### About this exercise
In the answer, each line of the listing should appear again unchanged.

### Data shown
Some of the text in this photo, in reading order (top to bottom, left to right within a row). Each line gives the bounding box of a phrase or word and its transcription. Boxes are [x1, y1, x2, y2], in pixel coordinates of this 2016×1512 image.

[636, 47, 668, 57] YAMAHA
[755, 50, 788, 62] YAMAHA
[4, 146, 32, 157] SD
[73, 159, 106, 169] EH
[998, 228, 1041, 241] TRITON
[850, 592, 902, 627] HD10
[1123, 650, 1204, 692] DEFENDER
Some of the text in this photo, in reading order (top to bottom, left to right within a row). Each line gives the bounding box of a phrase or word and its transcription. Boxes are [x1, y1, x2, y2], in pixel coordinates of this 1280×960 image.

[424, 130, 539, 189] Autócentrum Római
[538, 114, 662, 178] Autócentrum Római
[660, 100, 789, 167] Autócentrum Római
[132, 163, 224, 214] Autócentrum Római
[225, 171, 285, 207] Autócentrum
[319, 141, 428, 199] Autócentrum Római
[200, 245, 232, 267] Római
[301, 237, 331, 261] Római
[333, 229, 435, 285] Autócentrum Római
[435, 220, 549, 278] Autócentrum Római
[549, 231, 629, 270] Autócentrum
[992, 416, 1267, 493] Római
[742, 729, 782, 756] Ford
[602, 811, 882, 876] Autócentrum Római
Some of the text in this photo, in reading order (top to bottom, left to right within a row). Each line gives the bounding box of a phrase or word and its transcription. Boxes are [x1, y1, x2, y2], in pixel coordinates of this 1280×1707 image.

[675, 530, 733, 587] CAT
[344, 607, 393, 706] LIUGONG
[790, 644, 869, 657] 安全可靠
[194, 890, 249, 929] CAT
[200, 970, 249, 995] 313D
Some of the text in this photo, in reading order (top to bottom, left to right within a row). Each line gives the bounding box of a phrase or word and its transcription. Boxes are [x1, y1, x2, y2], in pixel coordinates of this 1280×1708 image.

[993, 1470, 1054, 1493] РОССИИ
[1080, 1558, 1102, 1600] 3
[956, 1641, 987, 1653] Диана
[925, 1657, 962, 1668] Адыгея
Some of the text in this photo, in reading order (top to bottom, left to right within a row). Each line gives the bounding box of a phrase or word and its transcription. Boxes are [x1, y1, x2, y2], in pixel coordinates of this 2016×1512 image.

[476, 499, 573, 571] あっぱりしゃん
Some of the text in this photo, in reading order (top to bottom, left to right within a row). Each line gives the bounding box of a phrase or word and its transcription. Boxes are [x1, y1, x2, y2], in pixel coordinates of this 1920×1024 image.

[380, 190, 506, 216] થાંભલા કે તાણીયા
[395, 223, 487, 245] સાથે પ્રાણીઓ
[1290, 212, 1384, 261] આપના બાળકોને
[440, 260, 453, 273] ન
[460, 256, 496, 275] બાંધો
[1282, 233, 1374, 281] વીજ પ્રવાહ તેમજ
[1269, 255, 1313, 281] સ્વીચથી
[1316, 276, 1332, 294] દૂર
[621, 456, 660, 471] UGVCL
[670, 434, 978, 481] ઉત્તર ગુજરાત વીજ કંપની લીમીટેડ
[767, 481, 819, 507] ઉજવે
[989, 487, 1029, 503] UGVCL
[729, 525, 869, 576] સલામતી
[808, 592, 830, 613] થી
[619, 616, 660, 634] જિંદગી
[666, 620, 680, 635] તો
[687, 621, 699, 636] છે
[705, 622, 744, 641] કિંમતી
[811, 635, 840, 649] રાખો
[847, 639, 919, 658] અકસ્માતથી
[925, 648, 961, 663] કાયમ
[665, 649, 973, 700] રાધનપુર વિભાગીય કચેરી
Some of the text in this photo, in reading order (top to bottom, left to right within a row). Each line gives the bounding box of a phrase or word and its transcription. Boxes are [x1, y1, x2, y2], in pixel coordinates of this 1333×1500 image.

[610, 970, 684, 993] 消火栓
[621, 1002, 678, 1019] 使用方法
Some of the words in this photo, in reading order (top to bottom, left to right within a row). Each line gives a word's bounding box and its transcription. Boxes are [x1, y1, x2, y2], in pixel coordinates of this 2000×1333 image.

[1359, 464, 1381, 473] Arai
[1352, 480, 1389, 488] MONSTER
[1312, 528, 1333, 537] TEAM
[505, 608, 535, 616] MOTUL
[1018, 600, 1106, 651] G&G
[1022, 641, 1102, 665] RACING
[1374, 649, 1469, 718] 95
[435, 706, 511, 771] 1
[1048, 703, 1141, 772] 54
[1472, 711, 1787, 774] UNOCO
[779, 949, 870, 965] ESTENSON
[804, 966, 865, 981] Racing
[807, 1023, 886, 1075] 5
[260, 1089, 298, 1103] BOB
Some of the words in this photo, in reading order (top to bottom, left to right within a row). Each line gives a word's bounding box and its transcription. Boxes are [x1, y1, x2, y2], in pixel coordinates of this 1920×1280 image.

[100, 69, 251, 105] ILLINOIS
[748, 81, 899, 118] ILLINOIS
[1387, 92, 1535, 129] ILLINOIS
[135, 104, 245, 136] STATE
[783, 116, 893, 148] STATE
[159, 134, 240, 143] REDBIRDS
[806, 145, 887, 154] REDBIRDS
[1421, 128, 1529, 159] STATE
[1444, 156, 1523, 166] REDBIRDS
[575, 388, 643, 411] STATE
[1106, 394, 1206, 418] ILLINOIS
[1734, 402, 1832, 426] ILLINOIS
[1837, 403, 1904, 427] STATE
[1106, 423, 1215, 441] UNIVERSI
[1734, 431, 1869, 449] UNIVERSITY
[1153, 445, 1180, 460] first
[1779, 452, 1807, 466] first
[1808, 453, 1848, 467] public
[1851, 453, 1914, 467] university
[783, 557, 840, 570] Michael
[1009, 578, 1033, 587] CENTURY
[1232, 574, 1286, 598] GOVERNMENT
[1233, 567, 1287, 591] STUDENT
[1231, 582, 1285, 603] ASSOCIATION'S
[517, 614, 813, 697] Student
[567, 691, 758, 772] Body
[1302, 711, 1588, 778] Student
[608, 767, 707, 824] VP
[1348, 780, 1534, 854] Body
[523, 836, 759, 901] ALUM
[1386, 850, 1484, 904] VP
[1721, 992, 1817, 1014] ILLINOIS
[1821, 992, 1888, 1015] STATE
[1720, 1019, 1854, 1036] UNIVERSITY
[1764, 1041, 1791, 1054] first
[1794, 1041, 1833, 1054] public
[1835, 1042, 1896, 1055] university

### Response area
Some of the text in this photo, in reading order (top to bottom, left to right within a row). Each line gives the bounding box of a phrase or word and its transcription. Boxes are [x1, y1, x2, y2], in pixel coordinates of this 2016×1512 image.

[636, 47, 668, 57] YAMAHA
[755, 50, 788, 62] YAMAHA
[4, 146, 32, 157] SD
[73, 159, 106, 169] EH
[998, 228, 1041, 241] TRITON
[850, 592, 902, 627] HD10
[1123, 650, 1204, 692] DEFENDER
Some of the text in this photo, in reading order (top to bottom, left to right within a row). Each line gives the bounding box of a phrase or word and its transcription. Boxes are [x1, y1, x2, y2], in pixel coordinates of this 1280×960 image.

[424, 130, 539, 189] Autócentrum Római
[538, 114, 662, 178] Autócentrum Római
[660, 100, 789, 167] Autócentrum Római
[132, 163, 224, 214] Autócentrum Római
[225, 171, 285, 207] Autócentrum
[319, 141, 428, 199] Autócentrum Római
[200, 245, 232, 267] Római
[301, 237, 331, 261] Római
[333, 229, 435, 285] Autócentrum Római
[435, 220, 549, 278] Autócentrum Római
[549, 231, 629, 270] Autócentrum
[992, 416, 1267, 493] Római
[742, 729, 782, 756] Ford
[602, 811, 882, 876] Autócentrum Római
Some of the text in this photo, in reading order (top to bottom, left to right within a row). Each line gives the bounding box of a phrase or word and its transcription. Boxes are [x1, y1, x2, y2], in pixel coordinates of this 1280×1707 image.

[675, 530, 733, 587] CAT
[344, 607, 393, 706] LIUGONG
[790, 644, 869, 657] 安全可靠
[194, 890, 249, 929] CAT
[200, 970, 249, 995] 313D
Some of the text in this photo, in reading order (top to bottom, left to right within a row). Each line gives the bounding box of a phrase or word and its transcription. Boxes are [x1, y1, x2, y2], in pixel coordinates of this 1280×1708 image.

[993, 1470, 1054, 1493] РОССИИ
[1080, 1558, 1102, 1600] 3
[956, 1641, 987, 1653] Диана
[925, 1657, 962, 1668] Адыгея
Some of the text in this photo, in reading order (top to bottom, left to right within a row). Each line gives the bounding box of a phrase or word and its transcription. Boxes are [x1, y1, x2, y2], in pixel coordinates of this 2016×1512 image.

[476, 499, 573, 571] あっぱりしゃん
Some of the text in this photo, in reading order (top to bottom, left to right within a row). Each line gives the bounding box of a phrase or word and its transcription. Boxes are [x1, y1, x2, y2], in pixel coordinates of this 1920×1024 image.

[380, 190, 506, 216] થાંભલા કે તાણીયા
[395, 223, 487, 245] સાથે પ્રાણીઓ
[1290, 212, 1384, 261] આપના બાળકોને
[440, 260, 453, 273] ન
[460, 256, 496, 275] બાંધો
[1282, 233, 1374, 281] વીજ પ્રવાહ તેમજ
[1269, 255, 1313, 281] સ્વીચથી
[1316, 276, 1332, 294] દૂર
[621, 456, 660, 471] UGVCL
[670, 434, 978, 481] ઉત્તર ગુજરાત વીજ કંપની લીમીટેડ
[767, 481, 819, 507] ઉજવે
[989, 487, 1029, 503] UGVCL
[729, 525, 869, 576] સલામતી
[808, 592, 830, 613] થી
[619, 616, 660, 634] જિંદગી
[666, 620, 680, 635] તો
[687, 621, 699, 636] છે
[705, 622, 744, 641] કિંમતી
[811, 635, 840, 649] રાખો
[847, 639, 919, 658] અકસ્માતથી
[925, 648, 961, 663] કાયમ
[665, 649, 973, 700] રાધનપુર વિભાગીય કચેરી
Some of the text in this photo, in reading order (top to bottom, left to right within a row). Each line gives the bounding box of a phrase or word and its transcription. Boxes are [x1, y1, x2, y2], in pixel coordinates of this 1333×1500 image.

[610, 970, 684, 993] 消火栓
[621, 1002, 678, 1019] 使用方法
Some of the words in this photo, in reading order (top to bottom, left to right within a row). Each line gives a word's bounding box and its transcription. Boxes are [x1, y1, x2, y2], in pixel coordinates of this 2000×1333 image.

[1359, 464, 1381, 473] Arai
[1352, 480, 1389, 488] MONSTER
[1312, 528, 1333, 537] TEAM
[505, 608, 535, 616] MOTUL
[1018, 600, 1106, 651] G&G
[1022, 641, 1102, 665] RACING
[1374, 649, 1469, 718] 95
[435, 706, 511, 771] 1
[1048, 703, 1141, 772] 54
[1472, 711, 1787, 774] UNOCO
[779, 949, 870, 965] ESTENSON
[804, 966, 865, 981] Racing
[807, 1023, 886, 1075] 5
[260, 1089, 298, 1103] BOB
Some of the words in this photo, in reading order (top to bottom, left to right within a row). Each line gives a word's bounding box and its transcription. Boxes are [x1, y1, x2, y2], in pixel coordinates of this 1920×1280 image.

[100, 69, 251, 105] ILLINOIS
[748, 81, 899, 118] ILLINOIS
[1387, 92, 1535, 129] ILLINOIS
[135, 104, 245, 136] STATE
[783, 116, 893, 148] STATE
[159, 134, 240, 143] REDBIRDS
[806, 145, 887, 154] REDBIRDS
[1421, 128, 1529, 159] STATE
[1444, 156, 1523, 166] REDBIRDS
[575, 388, 643, 411] STATE
[1106, 394, 1206, 418] ILLINOIS
[1734, 402, 1832, 426] ILLINOIS
[1837, 403, 1904, 427] STATE
[1106, 423, 1215, 441] UNIVERSI
[1734, 431, 1869, 449] UNIVERSITY
[1153, 445, 1180, 460] first
[1779, 452, 1807, 466] first
[1808, 453, 1848, 467] public
[1851, 453, 1914, 467] university
[783, 557, 840, 570] Michael
[1009, 578, 1033, 587] CENTURY
[1232, 574, 1286, 598] GOVERNMENT
[1233, 567, 1287, 591] STUDENT
[1231, 582, 1285, 603] ASSOCIATION'S
[517, 614, 813, 697] Student
[567, 691, 758, 772] Body
[1302, 711, 1588, 778] Student
[608, 767, 707, 824] VP
[1348, 780, 1534, 854] Body
[523, 836, 759, 901] ALUM
[1386, 850, 1484, 904] VP
[1721, 992, 1817, 1014] ILLINOIS
[1821, 992, 1888, 1015] STATE
[1720, 1019, 1854, 1036] UNIVERSITY
[1764, 1041, 1791, 1054] first
[1794, 1041, 1833, 1054] public
[1835, 1042, 1896, 1055] university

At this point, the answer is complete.